> **DATA FOR THIS EXERCISE**:
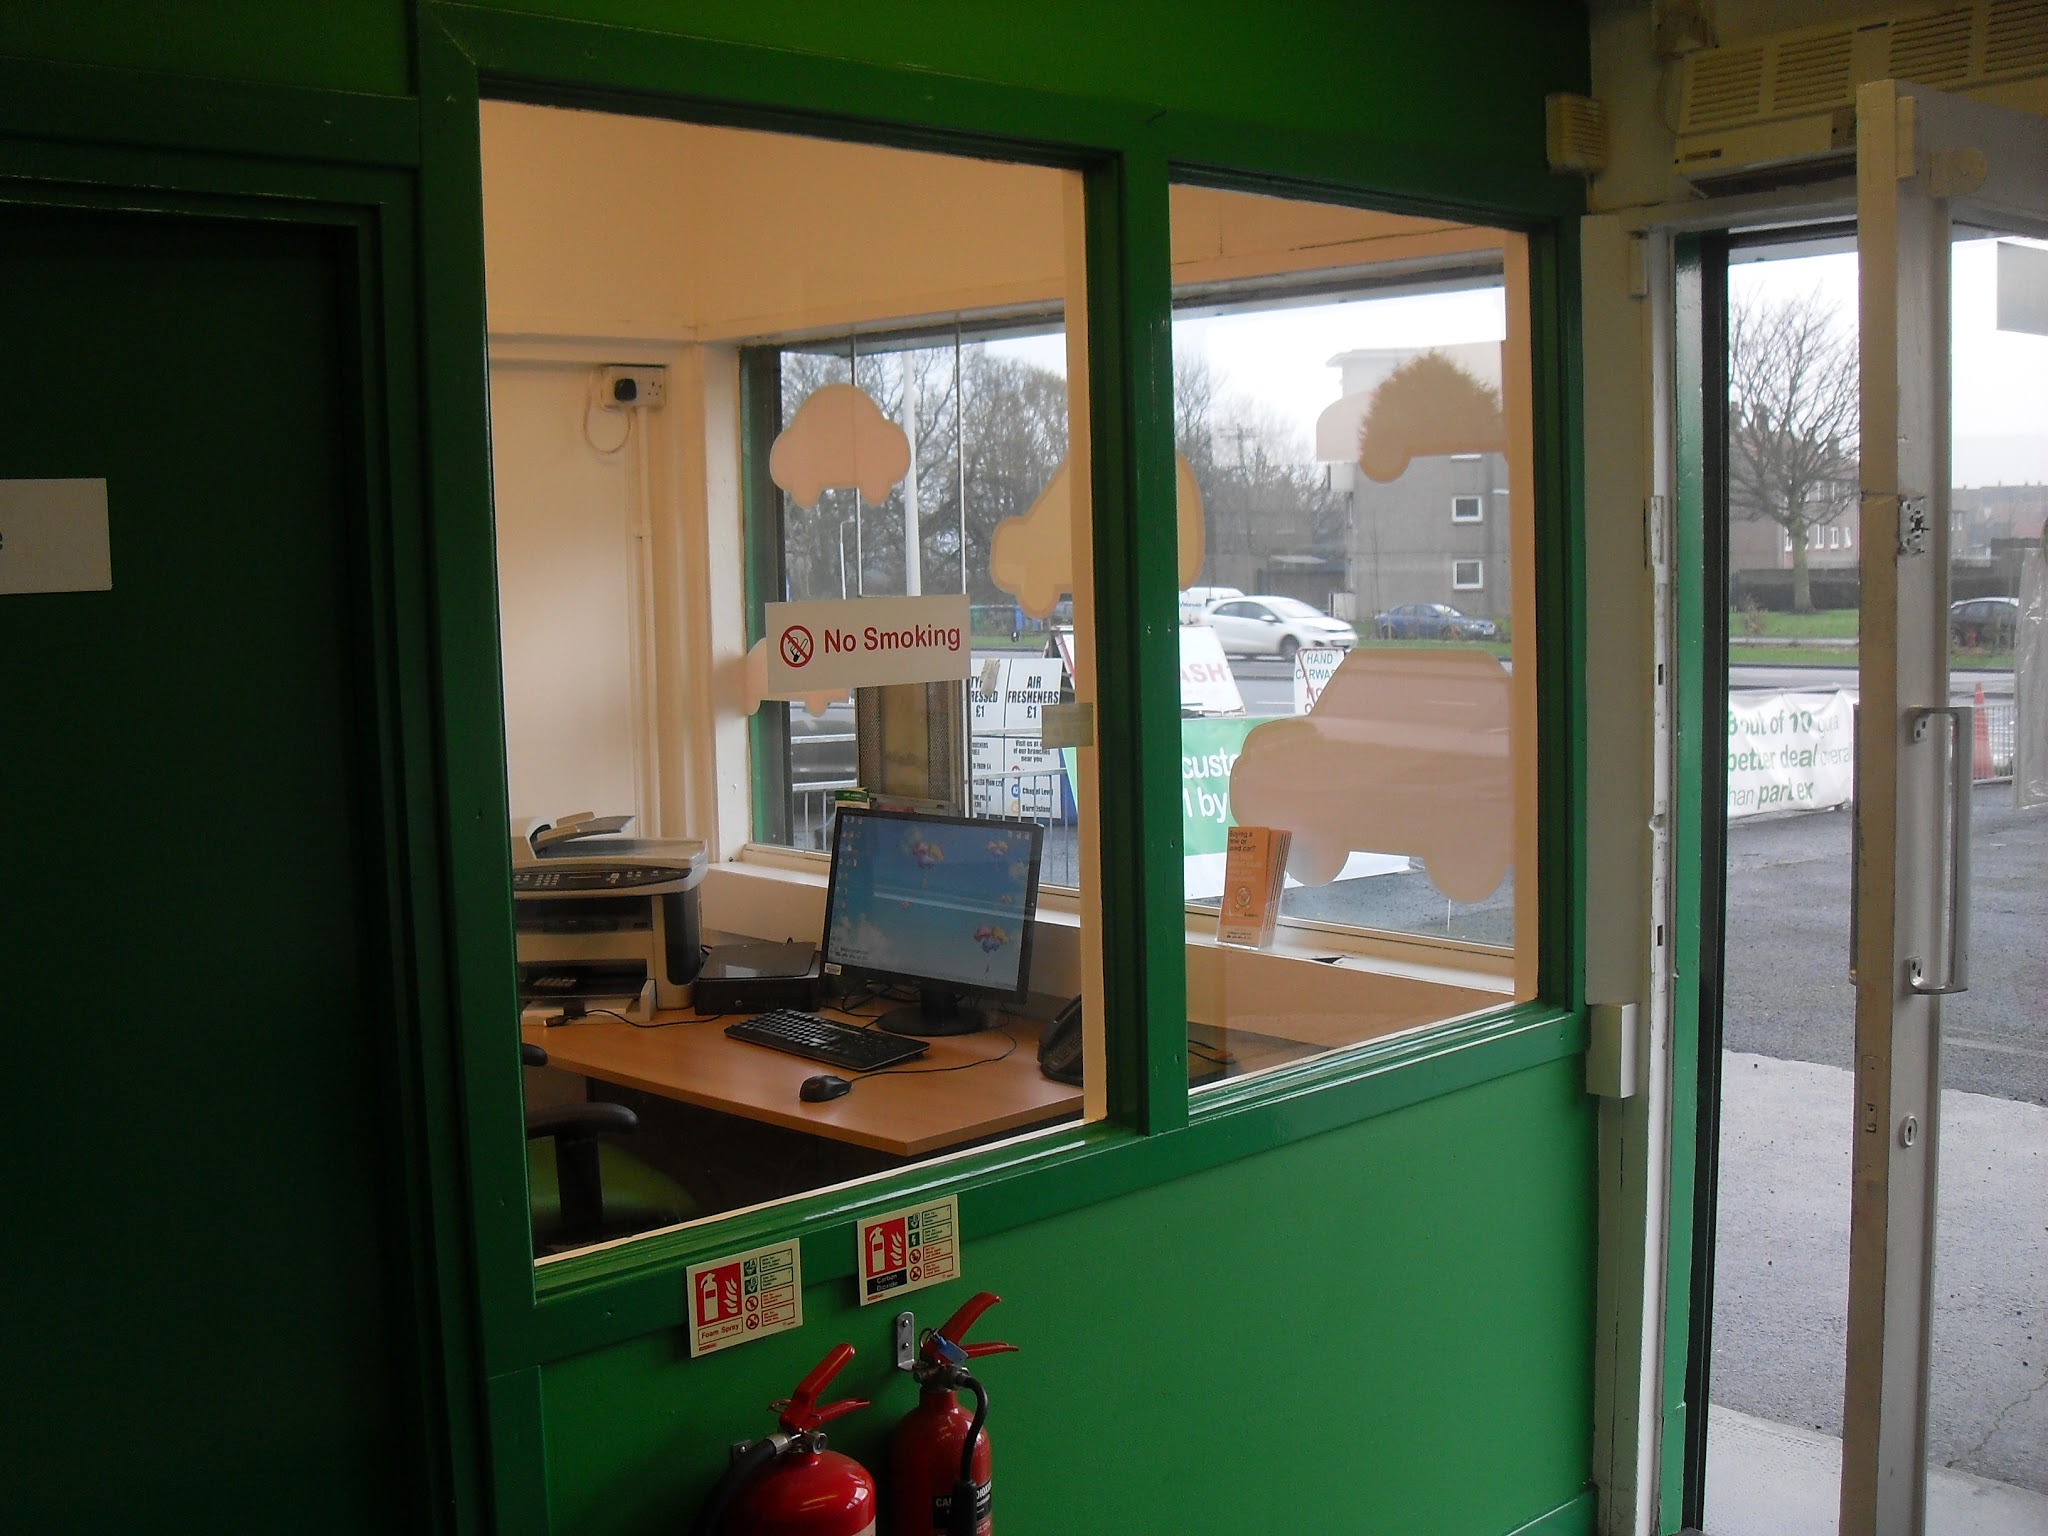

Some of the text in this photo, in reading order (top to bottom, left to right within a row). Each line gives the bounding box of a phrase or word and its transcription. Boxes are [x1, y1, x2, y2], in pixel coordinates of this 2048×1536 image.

[825, 624, 961, 653] No Smoking
[1307, 653, 1333, 664] HAND
[1027, 676, 1042, 689] AIR
[1008, 690, 1059, 704] FRESHENERS
[976, 705, 984, 718] £1
[1027, 705, 1037, 719] £1
[1770, 709, 1784, 734] of
[1789, 710, 1814, 734] 10
[1780, 742, 1818, 767] deal
[1757, 777, 1795, 810] part
[1797, 780, 1815, 801] ex
[1197, 786, 1228, 824] by
[876, 1273, 898, 1284] Carbon
[876, 1281, 898, 1292] Dioxide
[701, 1324, 740, 1339] Foam Spray
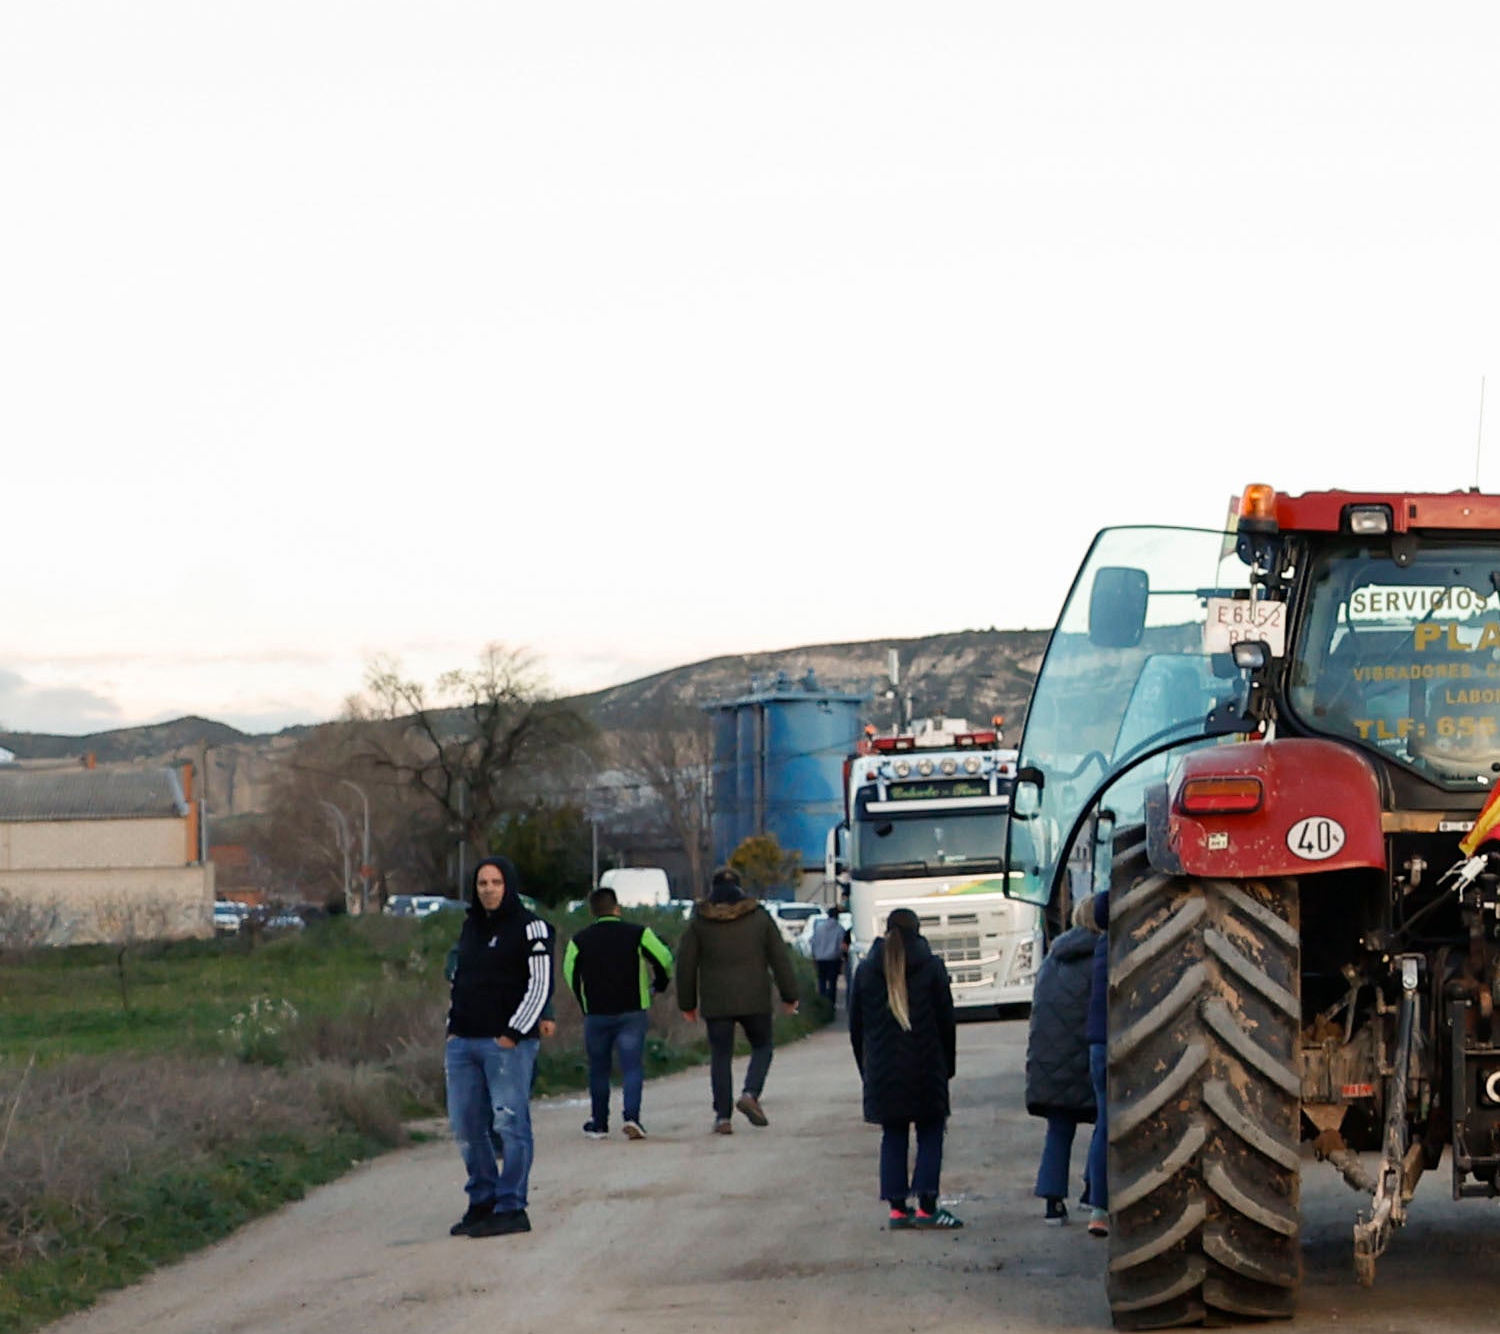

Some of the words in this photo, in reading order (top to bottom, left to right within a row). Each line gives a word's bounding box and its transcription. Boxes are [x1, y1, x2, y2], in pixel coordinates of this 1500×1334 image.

[1353, 589, 1488, 613] SERVICIOS
[1353, 718, 1428, 739] TLF:
[1297, 820, 1331, 854] 40
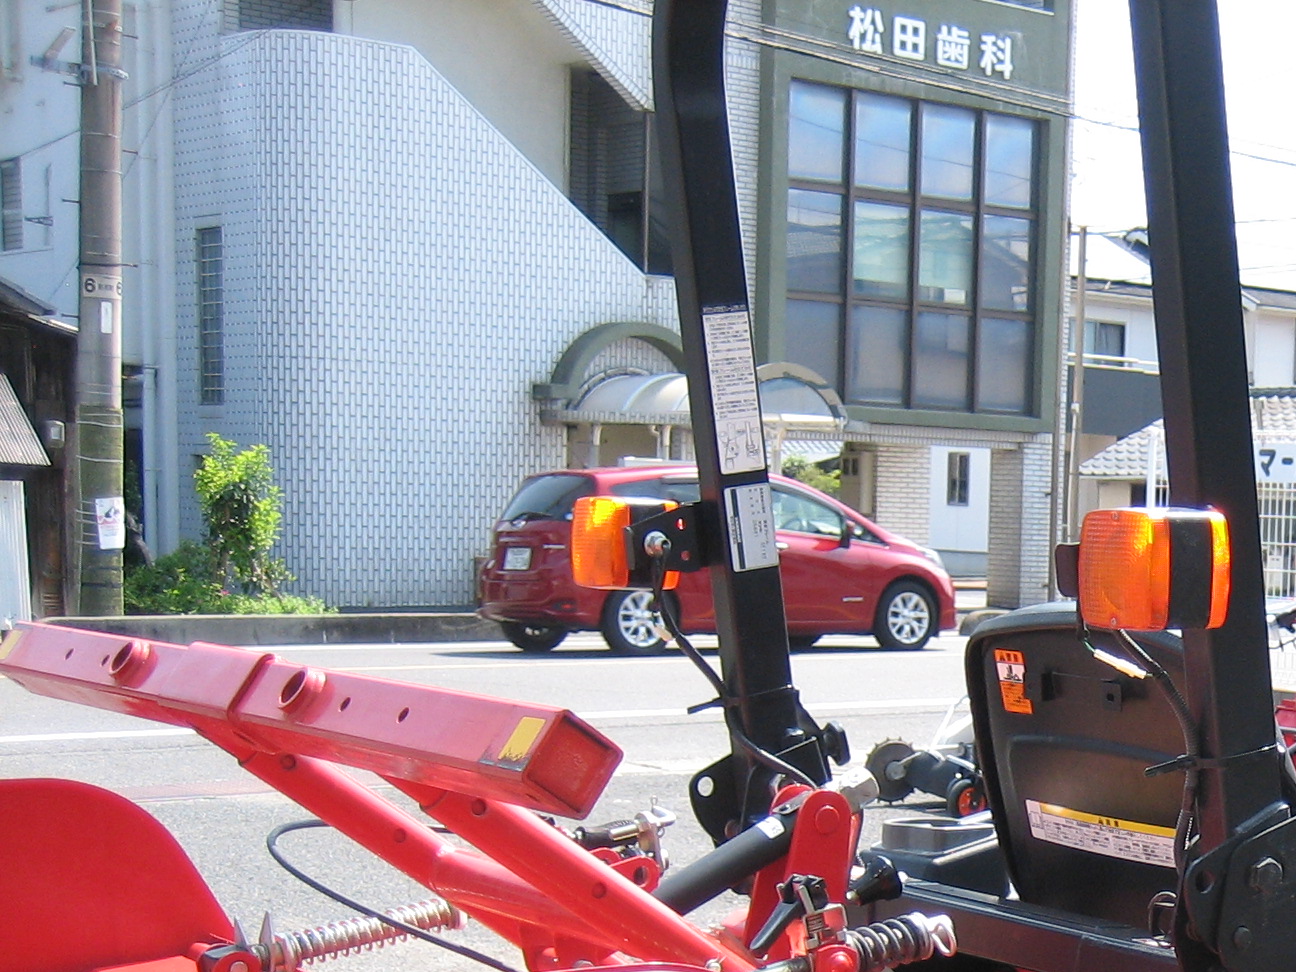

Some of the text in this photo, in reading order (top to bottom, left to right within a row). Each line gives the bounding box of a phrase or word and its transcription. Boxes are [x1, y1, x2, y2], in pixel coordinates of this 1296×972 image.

[848, 5, 1014, 80] 松田歯科
[85, 277, 96, 293] 6
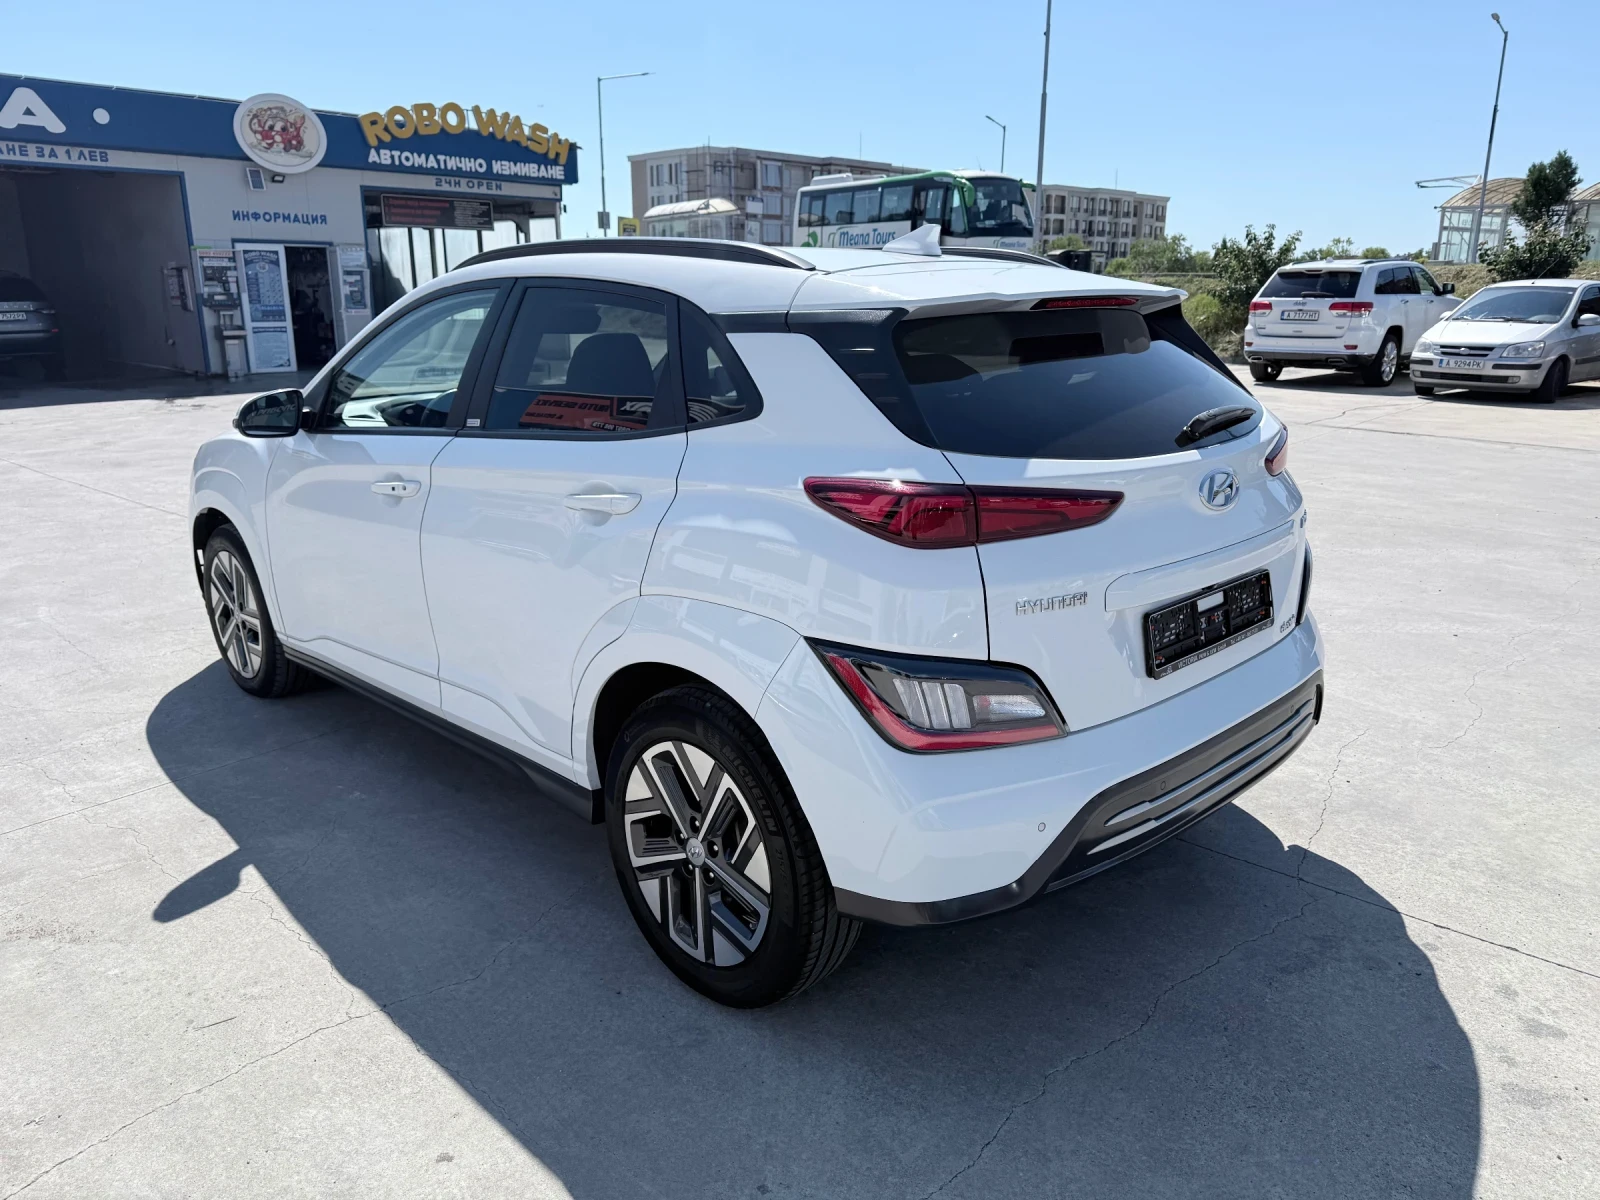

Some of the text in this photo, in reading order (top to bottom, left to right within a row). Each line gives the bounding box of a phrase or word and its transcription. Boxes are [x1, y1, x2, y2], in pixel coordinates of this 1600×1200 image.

[359, 102, 570, 164] ROBO WASH
[35, 145, 58, 159] ЗА
[65, 148, 72, 160] 1
[77, 149, 109, 163] ЛЕВ
[368, 148, 565, 180] АВТОМАТИЧНО ИЗМИВАНЕ
[466, 180, 503, 191] OPEN
[232, 210, 328, 225] ИНФОРМАЦИЯ
[839, 228, 896, 247] Meana Tours
[1016, 591, 1087, 616] HYUNDAI
[721, 744, 778, 833] MICHELIN

> **WHAT YOU ARE ASKED TO DO**: Only the records, copied exactly and free of pictures, belong in the answer.

> **RESPONSE FOR THIS EXERCISE**:
Some of the text in this photo, in reading order (top to bottom, left to right within a row). Each line gives the bounding box of a phrase or word and its transcription. Boxes are [x1, y1, x2, y2], in pixel coordinates of this 2048×1536 image.

[825, 624, 961, 653] No Smoking
[1307, 653, 1333, 664] HAND
[1027, 676, 1042, 689] AIR
[1008, 690, 1059, 704] FRESHENERS
[976, 705, 984, 718] £1
[1027, 705, 1037, 719] £1
[1770, 709, 1784, 734] of
[1789, 710, 1814, 734] 10
[1780, 742, 1818, 767] deal
[1757, 777, 1795, 810] part
[1797, 780, 1815, 801] ex
[1197, 786, 1228, 824] by
[876, 1273, 898, 1284] Carbon
[876, 1281, 898, 1292] Dioxide
[701, 1324, 740, 1339] Foam Spray

Some of the words in this photo, in reading order (top to bottom, left to right within a row). Each line gives a word's bounding box and its transcription. Boxes are [x1, y1, x2, y2], in pixel coordinates of this 1500×1334 image.

[1353, 589, 1488, 613] SERVICIOS
[1353, 718, 1428, 739] TLF:
[1297, 820, 1331, 854] 40

Some of the text in this photo, in reading order (top to bottom, left to right within a row). Each line gives the bounding box of a phrase or word and its transcription. Boxes are [x1, y1, x2, y2], in pixel coordinates of this 1296×972 image.

[848, 5, 1014, 80] 松田歯科
[85, 277, 96, 293] 6

Some of the text in this photo, in reading order (top to bottom, left to right within a row). Each line gives the bounding box of a phrase or word and its transcription. Boxes are [x1, y1, x2, y2], in pixel coordinates of this 1600×1200 image.

[359, 102, 570, 164] ROBO WASH
[35, 145, 58, 159] ЗА
[65, 148, 72, 160] 1
[77, 149, 109, 163] ЛЕВ
[368, 148, 565, 180] АВТОМАТИЧНО ИЗМИВАНЕ
[466, 180, 503, 191] OPEN
[232, 210, 328, 225] ИНФОРМАЦИЯ
[839, 228, 896, 247] Meana Tours
[1016, 591, 1087, 616] HYUNDAI
[721, 744, 778, 833] MICHELIN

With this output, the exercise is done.